Rapidamente compreendi que fora apanhado pelas forças sutis mas poderosas da availability heuristic, um atalho mental que as pessoas utilizam quando têm de fazer julgamentos em condições de incerteza. Esta heurística implica basear o julgamento nos cenários que imediatamente surgem na nossa mente, em vez de usarmos toda a informação apropriada. Assim, as ideias que vieram imediatamente à minha mente quando pensei em Banco Mundial foram: dinheiro + empréstimos + países pobres.

Mas após uma conversa com Varun Gauri, Economista-Sênior do Development Research Group do Banco Mundial e co-diretor do relatório, eu percebi que fora novamente enganado por um dos muitos atalhos psicológicos e sociais que, embora evolucionariamente úteis, actualmente enviesam as nossas mentes, governam as nossas vidas, e determinam o futuro das nossas sociedades e economias. Gauri me disse que eles estavam a “lançar um novo relatório que revê desenvolvimentos recentes e excitantes acerca da forma de diagnosticar e resolver constragimentos psicológicos, cognitivos, e sociais às das polítcas de desenvolvimento económico”

Fiz um breve resumo de alguns destaques do relatório nos parágrafos seguintes, para que possamos compreender, através de vários exemplos recolhidos do WDR 2015, de que forma pequenas intervenções de baixo-custo, podem mitigar estes enviesamentos e gerar grandes benefícios em termos de desenvolvimento.

Pequenas Mudanças no Processo de Candidatura podem Influenciar a Frequência de Universidades de Elite por parte de Estudantes oriundos de Estratos Sociais Desfavorecidos?

Quando em 1998, um exame de prontidão para a universidade (o ACT) aumentou, de três para quarto, o número de relatórios de pontuação gratuitos que os examinandos poderiam enviar às universidades e diminuiu o custo de enviar relatórios adicionais para $6, os estudantes passaram a enviar substancialmente mais relatórios.

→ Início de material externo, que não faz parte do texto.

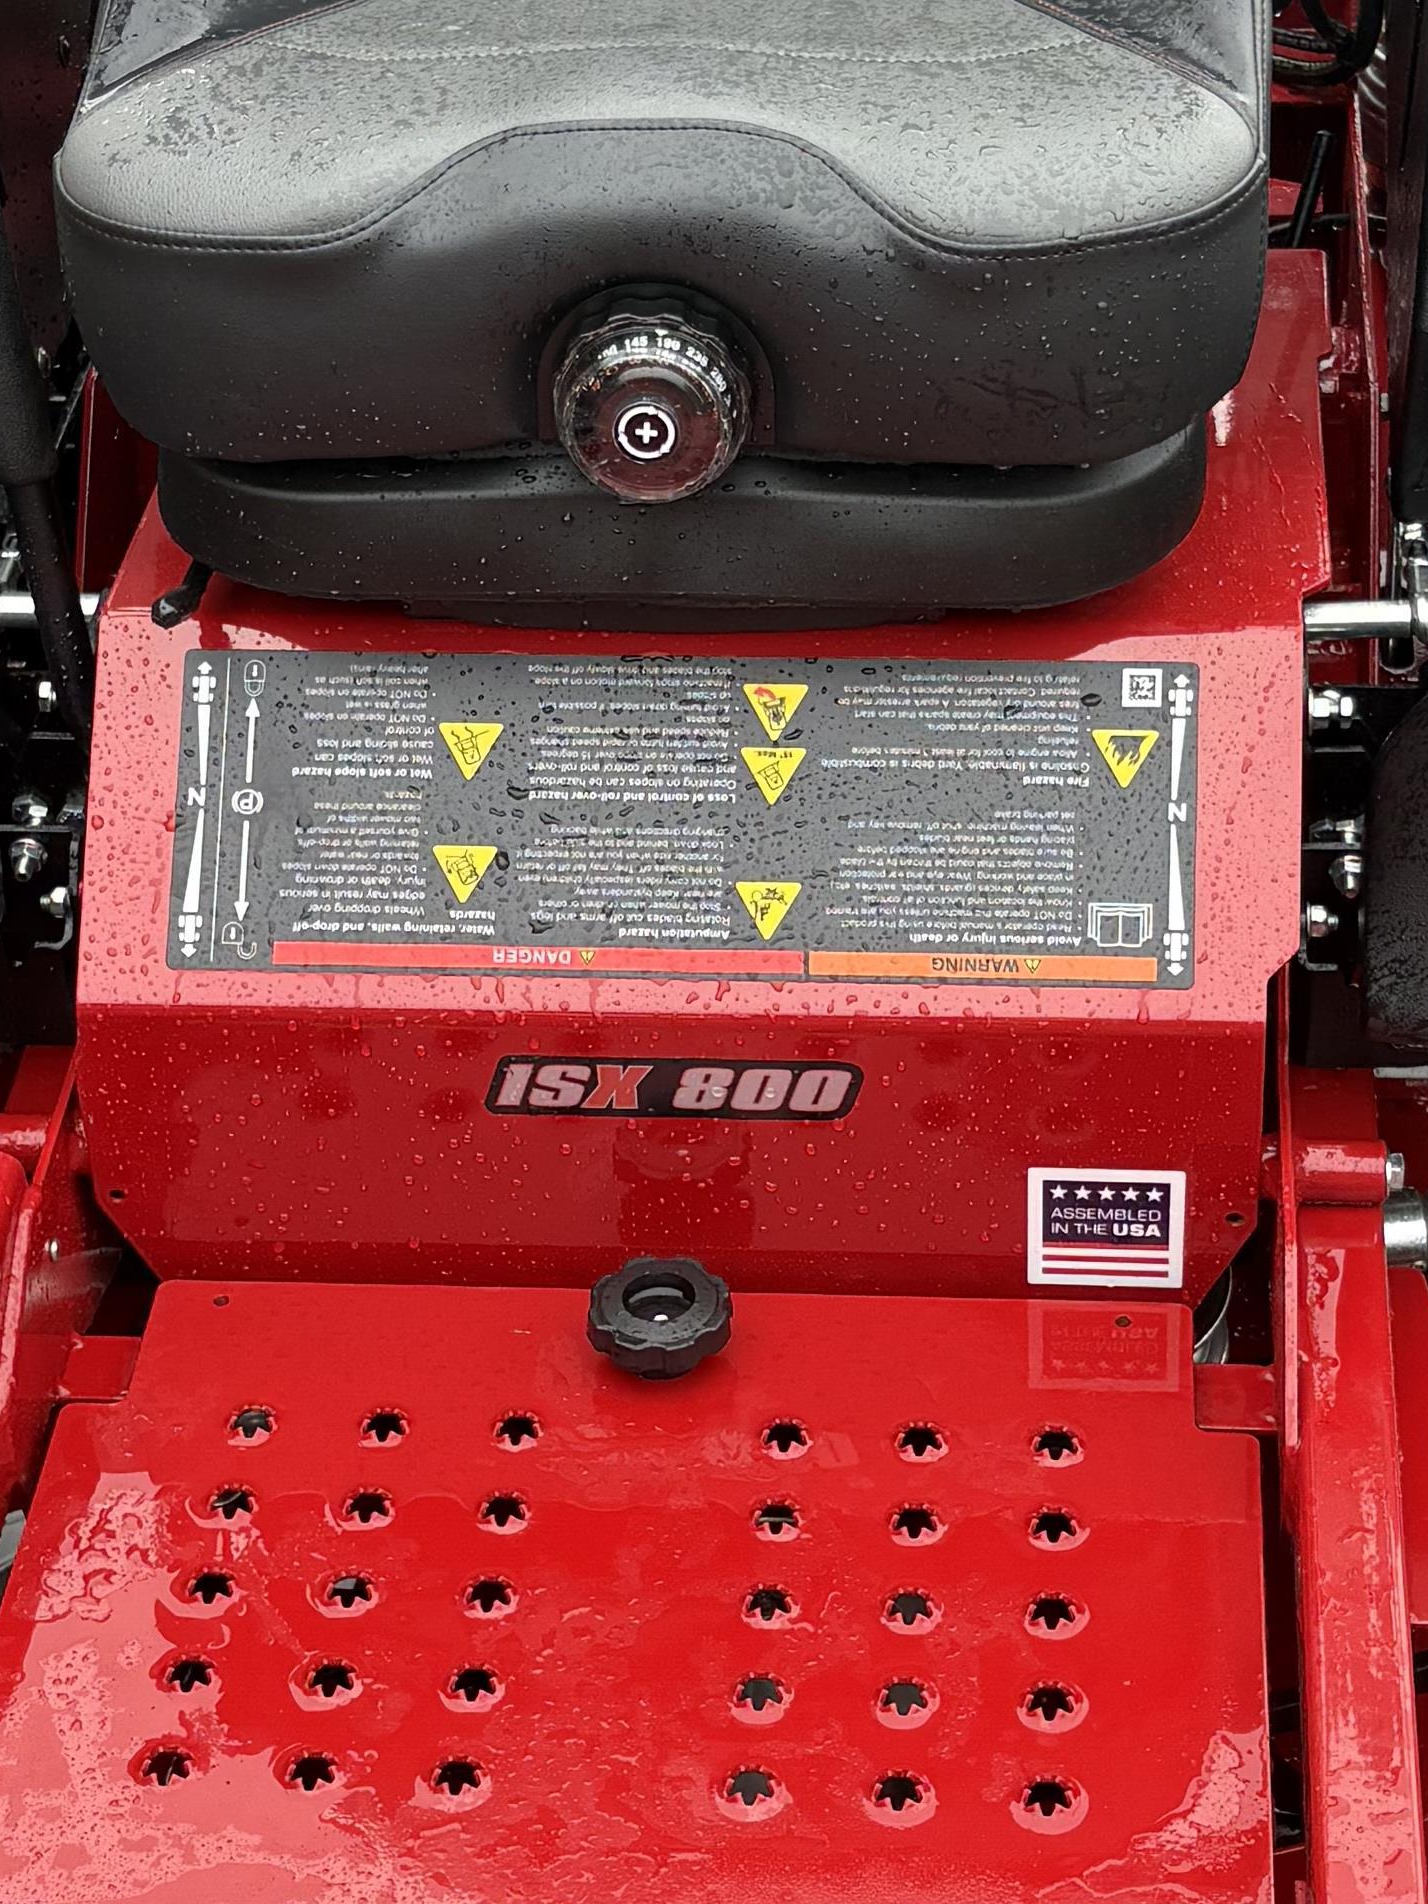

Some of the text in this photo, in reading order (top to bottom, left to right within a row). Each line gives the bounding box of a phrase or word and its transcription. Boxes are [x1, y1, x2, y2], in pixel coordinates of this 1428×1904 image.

A mudança de comportamento foi a mesma para estudantes de baixo e alto estrato social, o que sugere que as escolhas dos estudantes não eram baseadas numa decisão deliberativa que pesava custos e benefícios, mas em vez disso, na aceitação irrefletida de uma opção padrão. Quando o número de relatórios que os estudantes podiam enviar de graça aumentou de três para quatro, o número de examinados que enviavam exactamente quatro relatórios passou de 3 por cento para 74 por cento.

Isto fez com que os estudantes de baixos estratos sociais se candidatassem e frequentassem universidades mais prestigiadas, o que aumentou as suas perspectivas de salário ao longo da vida em cerca de $10,000, superando, de longe, o custo de $6 correspondente ao envio de mais um relatório.

Como reduzir o Número de Mortes por Acidentes Rodoviários através de Autocolantes colocados em Mini-autocarros?

Todos os anos, cerca de 1.25 milhões de pessoas morrem em acidentes rodoviários – mais do dobro que o número de vítimas resultantes da guerra e violência juntas.

No Quénia, muitas das pessoas mortas são passageiros de mini-autocarros, e as pessoas estão conscientes do perigo. Investigadores decidiram tentar uma intervenção comportamental de baixo custo que permitisse reduzir os acidentes: autocolantes colocados nos autocarros que encorajavam os passageiros a “importunar e repreender” motoristas imprudentes.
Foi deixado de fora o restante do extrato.